— И я, рад принять вызов от благородного человека с учтивыми манерами. Приступим!
Биться решено было так: пешими, обязательны только мечи, из доспехов только шлем, наручи и поножи, без кирас, панцирей и кольчуг. Кто хочет — волен пользоваться щитом, но не секирой и не кинжалом. Битва идет непременно до первой крови, а дальше — по желанию участников.
Оба пользоваться щитами не пожелали.
Хоггроги снес голову своему противнику первым же выпадом: все, что ему понадобилось, — это чуть отклонить корпус от двуручного, однако довольно короткого меча своего низкорослого противника и ударить по подставленной шее. Следующий.
Меч маркиза, хлебнув первой крови, словно бы взвыл в его руке, раскаленным выплеском саданул по лучевой кости от кисти к локтю… и вроде бы поутих… нестерпимый жар ослаб до… ммм… тепла… можно даже сказать безболезненного тепла…
Тем временем слуги маркиза бранью и понуканием добились от трех местных слуг, из постоялого двора, чтобы те в самом быстром порядке оттащили в сторону обезглавленное тело, подобрали голову, выбрали досуха кровь, присыпали сверху трухой и опилками…
— Готовы, сударь?
— Да, сударь! Для меня честь — биться с маркизом Короны!
— Для меня не меньшая честь биться с дворянином из дома Ар-цу! Приступим.
Вторая схватка продолжалась почти столько же, быть может на несколько мгновений дольше: Хоггроги внезапно схватил меч обеими руками и просто рубанул сверху вниз, так дворовые слуги дрова для очага колют. Противник маркиза, рослый плечистый малый, успел подставить свой клинок, а под него даже и щит, но все же это была слишком непрочная защита против чудовищного удара: легкий меч его сломался, щит разлетелся в куски, а сам дворянин из дома Ар-цу замертво осел на землю, разрубленный от головы до пояса.
Руки Хоггроги онемели, их сковал смертельный холод, идущий из рукоятки меча… но холод вдруг отступил, и под кожей радостно забегали колючие мурашки…
«Еще…» — словно бы прошептал ему меч, и Хоггроги радостно кивнул. Следующий!
Третий противник был на вид самым рослым и сильным из троих искателей дорожных приключений, он видел мгновенную смерть своих товарищей, но испуга в нем не ощущалось.

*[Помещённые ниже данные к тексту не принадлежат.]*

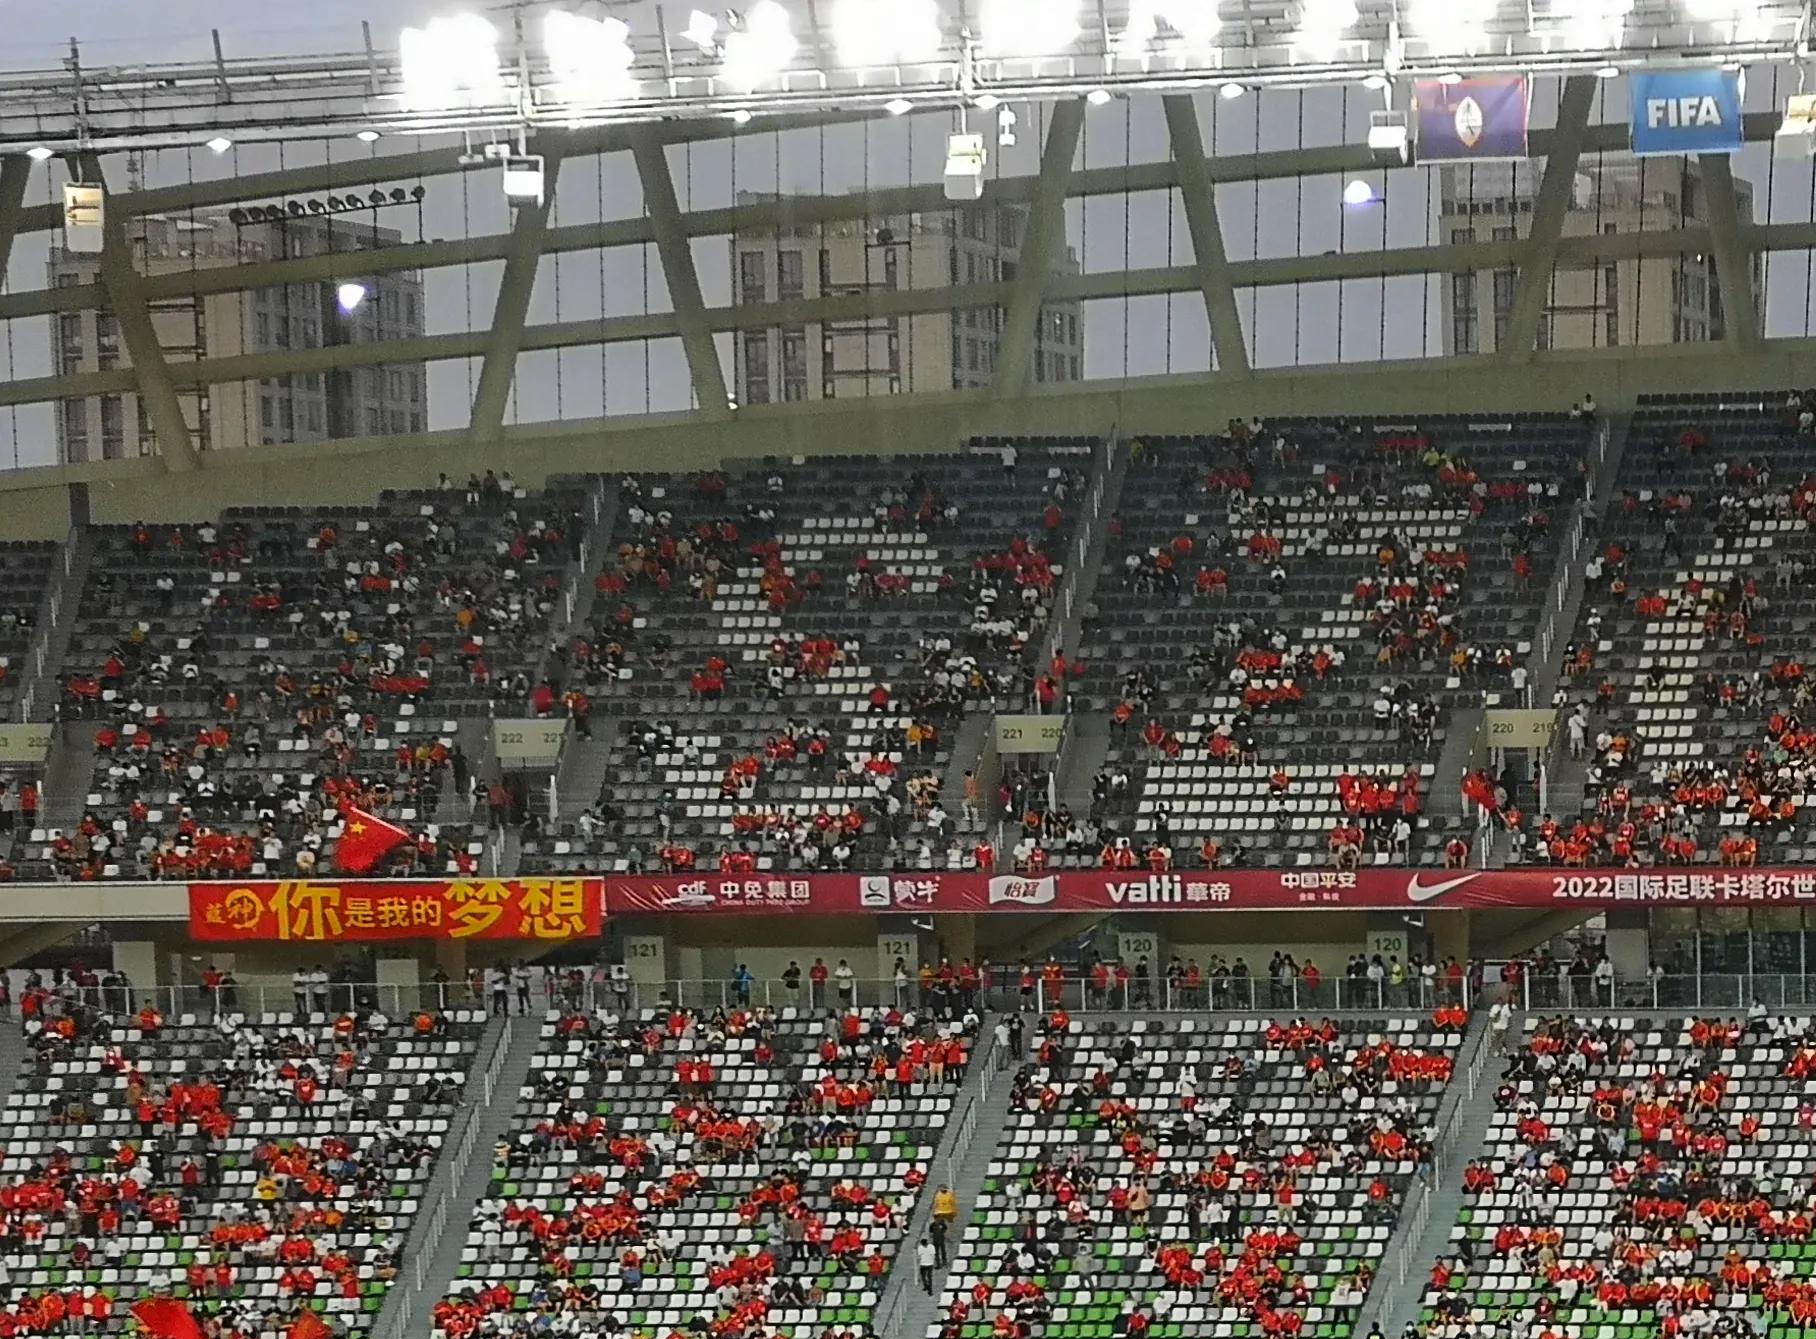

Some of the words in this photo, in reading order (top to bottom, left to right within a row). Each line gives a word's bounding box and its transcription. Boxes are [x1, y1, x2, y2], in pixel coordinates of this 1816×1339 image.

[1647, 96, 1721, 128] FIFA
[1002, 729, 1024, 740] 221
[1492, 723, 1514, 733] 220
[501, 732, 523, 744] 222
[1281, 872, 1357, 888] 中国平安
[720, 880, 810, 899] 中免集团
[1105, 875, 1181, 904] vatti
[268, 879, 587, 940] 你是我的梦想
[630, 943, 656, 956] 121
[884, 942, 911, 955] 121
[1124, 938, 1152, 951] 120
[1374, 938, 1402, 951] 120

Только напряжение, ну, понятное дело, и тревога… Двуручный легкий меч, от щита отказался. Этот тот самый, который хотел на кинжалах… Если Рокари ничего не перепутал.
— Готовы, сударь?
— Да, сударь! В бою против вас и погибнуть не обидно. Готовы ли вы?
— Готов. И рад выйти на бой против отважного и сильного дворянина.

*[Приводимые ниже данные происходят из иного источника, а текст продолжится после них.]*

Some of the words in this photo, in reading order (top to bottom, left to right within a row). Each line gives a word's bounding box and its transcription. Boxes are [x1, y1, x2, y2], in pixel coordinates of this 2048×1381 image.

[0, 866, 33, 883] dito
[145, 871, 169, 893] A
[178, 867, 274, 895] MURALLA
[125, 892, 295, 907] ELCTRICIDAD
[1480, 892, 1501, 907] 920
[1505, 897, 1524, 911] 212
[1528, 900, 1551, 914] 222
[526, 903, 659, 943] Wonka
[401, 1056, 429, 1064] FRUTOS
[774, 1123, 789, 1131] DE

Третий противник, дворянин Реги из Храма, бился храбро, с пылом и без страха, однако умения, конечно же, ему никак не хватало, чтобы противостоять в рукопашном бою, один на один, маркизу Короны, но тот решил не спешить. Однако же… Это неплохой воин… А мог бы стать хорошим…
— Крови… — прошелестел меч.
— Да, а может молока тебе? С водой и огурцами? — Хоггроги проревел вслух ответ своему мечу и нанес по плечам противника два невероятно быстрых удара: один, справа — как бы тупой, чтобы не калеча обезволить мышцы плеча, а другой, слева — режущий, но слабый, почти что нежный, чтобы только вспороть камзол и кожу под ним.
Противник охнул приглушенно и выронил меч. Одно лишь мгновение он стоял неподвижно, раздираемый двойной болью в руках, но сразу же попытался наклониться, чтобы перехватить меч в окровавленную руку, потому что она его все-таки слушалась. Хоггроги в четверть силы ударил упрямца мечом плашмя по макушке дешевенького шлема, и противник упал без сознания.
— Кари, это тот самый, кто на кинжалах хотел?
— Да, ваша светлость, третий, как вы и повелели.
— Хорошо. Видишь, какое у меня чутье? Этот — единственный из них по-настоящему крепыш, с задатками.
— Да… не такой уж и…
— Я тебя — что, о чем-то спрашивал? Хотел узнать твое мнение? Не выспался ты, что ли?
— Виноват, ваша светлость. Так точно, не выспался, Керси-то — до рассвета бубнил, мне показалось, что не пятнадцать, а все сто пятнадцать прочитал.
— В общем, не вижу я пока в тебе первого сенешаля. А вижу болтуна и скомороха.
— Виноват, ваша светлость! — Рокари Бегга уловил непритворный гнев в словах повелителя и струхнул не на шутку.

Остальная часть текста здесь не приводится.